— Си ю эгэйн?[49]— спросила Анникки, выглядывая из-под капюшона своей куртки.
— Йес, — ответил Жека. — Си ю ин Рэд Лайт Дистрикт. Ай хэв ёр намбер. Айл колл[50].
Анникки заулыбалась и кивнула:
— О’кей. Бай, Джеко.
Он пересек каналы прямо по Лейдсестраат, на этот раз не задерживаясь на мостах и не разглядывая фасады домов. А велосипедисты его прямо-таки вымораживали. Тоска, ненадолго отступившая от него в обществе Анникки, вернулась. На Лендсплейн, в окружении шмалевых кафешек, под дождем мок небольшой каток с по-протестантски скудно украшенной елкой (декабрь, День Святого Николая прошел, до Рождества две недели) посредине. Мимо фасада театра «Стадсшоубург» Жека свернул на Марниксстраат и через минуту уже звонил в дверь небольшого, на семь номеров отеля. Поднялся по крутой лестнице. Администратор, обитающий в одной из комнат, переделанных под ресепшн, плотный молодой голландец со смешной бородкой, уже ждал его.
— Хей! Айм Виллем! — протянул он руку Жеке. — Хау дид ю жорней?[51]

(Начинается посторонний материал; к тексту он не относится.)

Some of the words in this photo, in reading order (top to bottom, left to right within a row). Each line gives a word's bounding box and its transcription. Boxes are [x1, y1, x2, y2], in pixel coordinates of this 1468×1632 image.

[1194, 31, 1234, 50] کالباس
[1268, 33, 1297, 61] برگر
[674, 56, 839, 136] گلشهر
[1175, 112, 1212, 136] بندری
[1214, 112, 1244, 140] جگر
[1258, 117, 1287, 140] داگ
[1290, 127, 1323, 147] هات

— Хей! О’кей! Джаст э факинг рэйн, вэтли…[52]
Виллем улыбнулся.
— Ин ивнинг, ит шуд енд[53].
— О’кей! Сэнк ю!
Спустя десять минут как альпинист из фильма «Вертикаль» Жека вскарабкался двумя этажами выше, волоча чемодан. Просторный и прохладный светлый номер с кроватью на двоих и кофеваркой «Nespresso». Покрутив барашек регулятора, он пустил тепло в холодную плоскую батарею, разделся и завалился в постель.
* * *
Короткий сон почти не добавил бодрости. Проснулся Жека помятым и опустошенным, но все равно более живым, чем два месяца назад очнулся после «малиновки» вперемешку с «блюзом» в «Олдбое».
Тогда он очухался лежащим на голой кушетке. Высокий потолок. Неприятный, вызывающий тошноту больничный свет. Ободранные стены. Запах мочи. От всего остального мира его отделяла рваная, будто найденная на помойке ширма. Рядом, за ней, кто-то, выбешивающе шаркая ногами, ходил туда-сюда. Голова болела так, что ее хотелось отрезать. Из вены торчала игла, а возле изголовья находилась стойка с полупустой капельницей.

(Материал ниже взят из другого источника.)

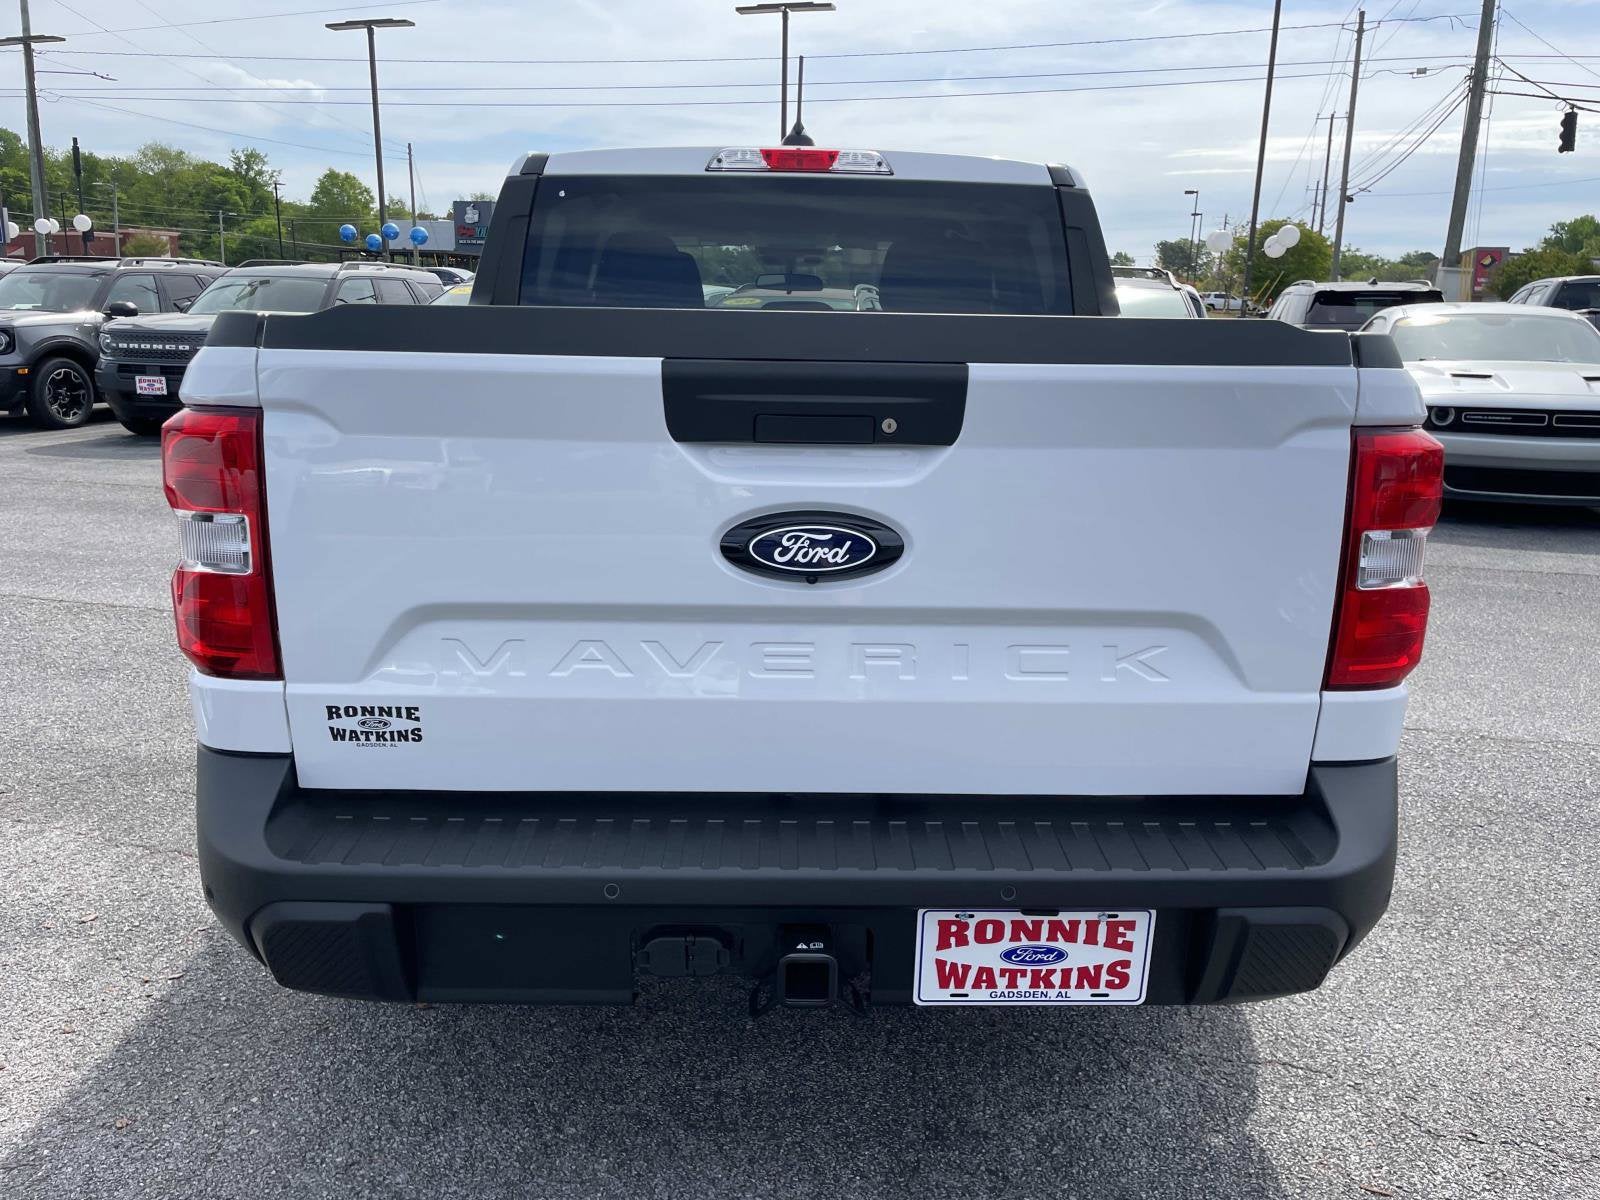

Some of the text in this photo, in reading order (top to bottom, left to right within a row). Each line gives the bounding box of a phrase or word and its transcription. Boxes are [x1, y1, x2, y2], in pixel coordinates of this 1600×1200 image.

[773, 531, 850, 564] Ford
[441, 637, 1170, 683] MAVERICK
[325, 705, 421, 722] RONNIE
[328, 726, 423, 742] WATKINS
[935, 919, 1137, 953] RONNIE
[1011, 947, 1058, 962] Ford
[934, 957, 1132, 990] WATKINS
[989, 990, 1071, 1000] GADSDEN, AL

Он сразу понял, что произошло, но верить в это не хотелось. Сознание путалось, выдавая предательские воспоминания в произвольной последовательности. Вот они смотрят на остывшие креветки и решают заказать спагетти. Официант приносит им выпивку, которая как из бутиратного РПГ шарахнула по его мозгу. Настя улыбается, спрашивает про его планы. Почти ничего не соображая, думая, что умирает, он садится на ступеньки кафе, прислоняется спиной к стене. Настя подхватывает его. Ее голос: «Тише, пожалуйста. Все в порядке».